My research interests are in Behavioral Modeling and my work focuses on bridging the gap between empirical findings and prior theoretical research in Operations Management. In particular, I use analytical tools to study how (empirically verified) gig worker behaviors and consumer behaviors impact firms' operations strategies (pricing strategies, product selling strategies, and information provision policies) as well as each stakeholder's welfare.
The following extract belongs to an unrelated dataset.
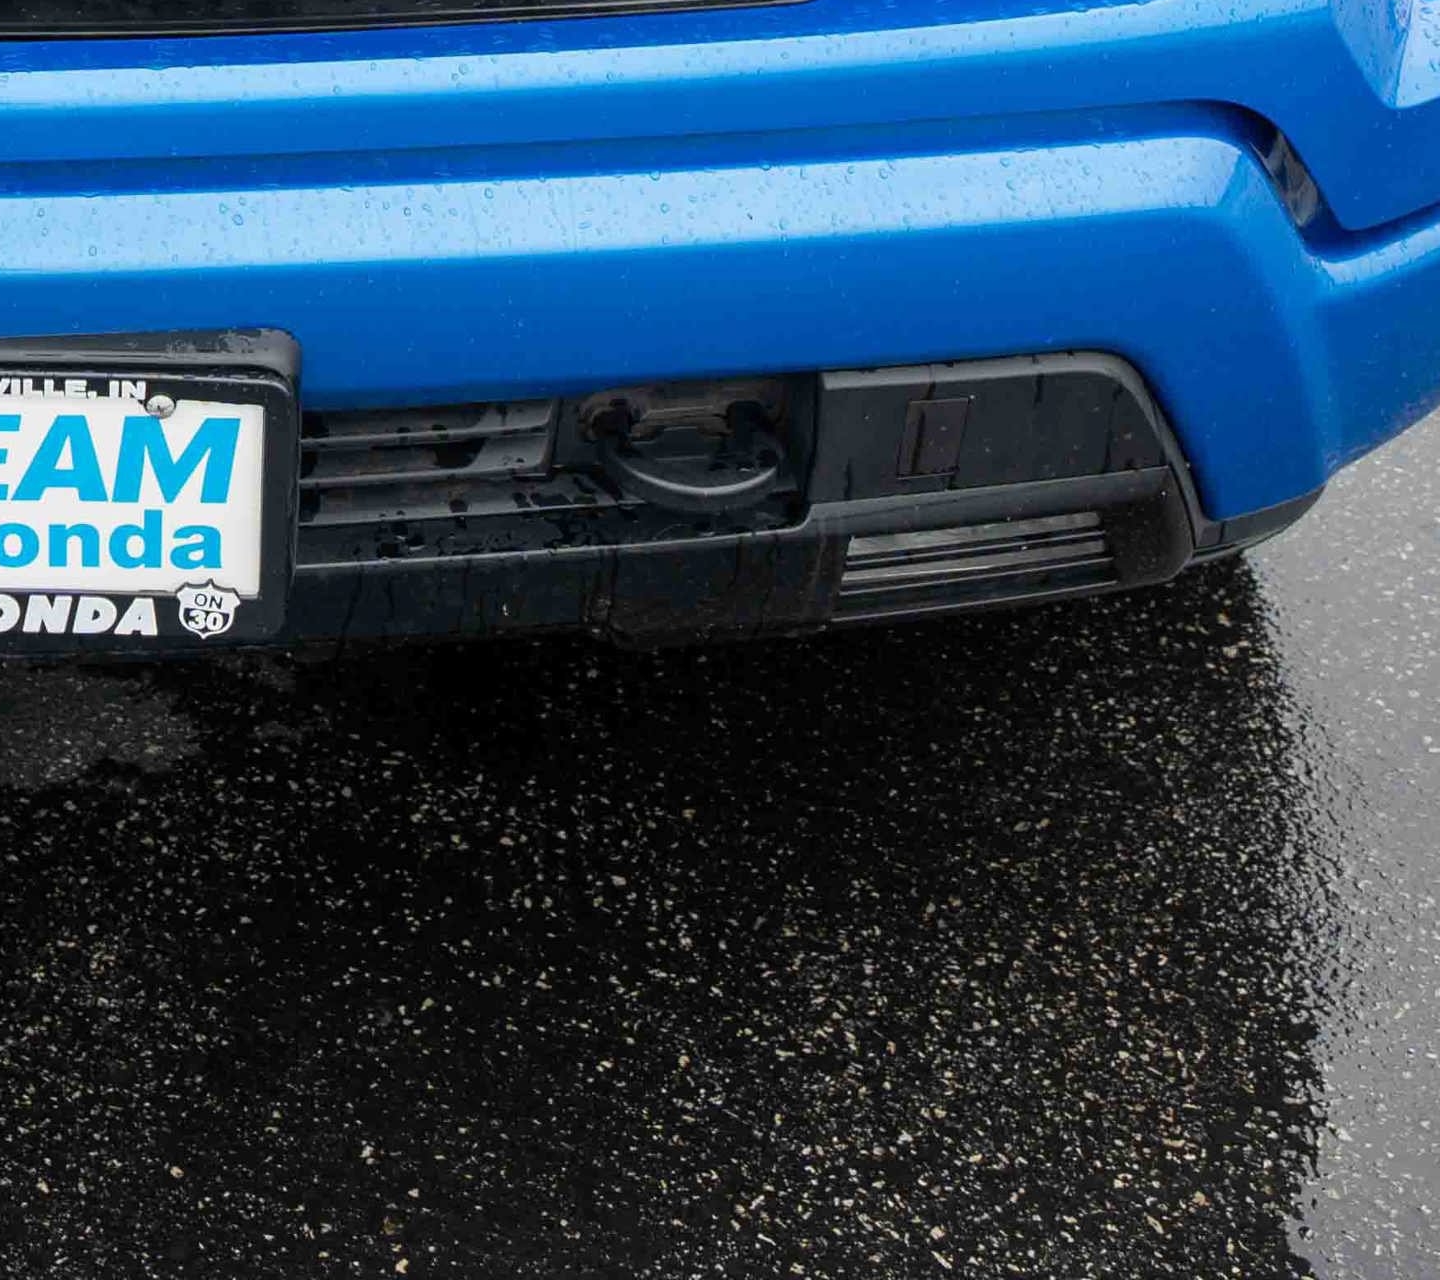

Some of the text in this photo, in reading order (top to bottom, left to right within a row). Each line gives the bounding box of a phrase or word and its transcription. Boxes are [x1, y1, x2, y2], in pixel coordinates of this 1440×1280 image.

To achieve this objective, I have initiated theoretical studies of customer overconfidence in service systems, gig worker reference-dependent preferences in ridesharing platforms, and gig workers' job selection and participation behaviors in on-demand delivery platforms.
I am also enthusiastic about pursuing research on Sustainable Operations and Behavioral AI.
I employ game theory, queueing theory, and applied probability in my research. I aim to enhance my analytical modeling skills to be a great modeler and address relevant questions in practical business scenarios.
Publications
[1] Na Zhang, Anand Paul, Xu Sun. Managing Service Systems with Overconfident Customers (2025). Published in Manufacturing & Service Operations Management. [Journal] [E-Companion] [SSRN]
The 16th International Workshop on Behavioral Operations Management Best Student Paper Award, 2024
Selected for the 2023 ISOM Workshop, Warrington College of Business, University of Florida
[2] Vashkar Ghosh, Anand Paul, Na Zhang, Lingjiong Zhu. Network Structures, Audit Policies and the Cost of Security Breaches (2025). Published in Production and Operations Management. [Journal] [SSRN]
Working Papers
[3] Na Zhang, Anand Paul, Liangfei Qiu. Ridesharing Platforms with Reference-Dependent Gig Workers. [SSRN]
[4] Add-On Pricing under Consumer Valuation Uncertainty. With Hongseok Jang, Quan Zheng, and Xiajun Amy Pan. [Paper available upon request]
[5] Na Zhang. On-Demand Delivery Platforms: Independent Workers and Employee Workers. [SSRN]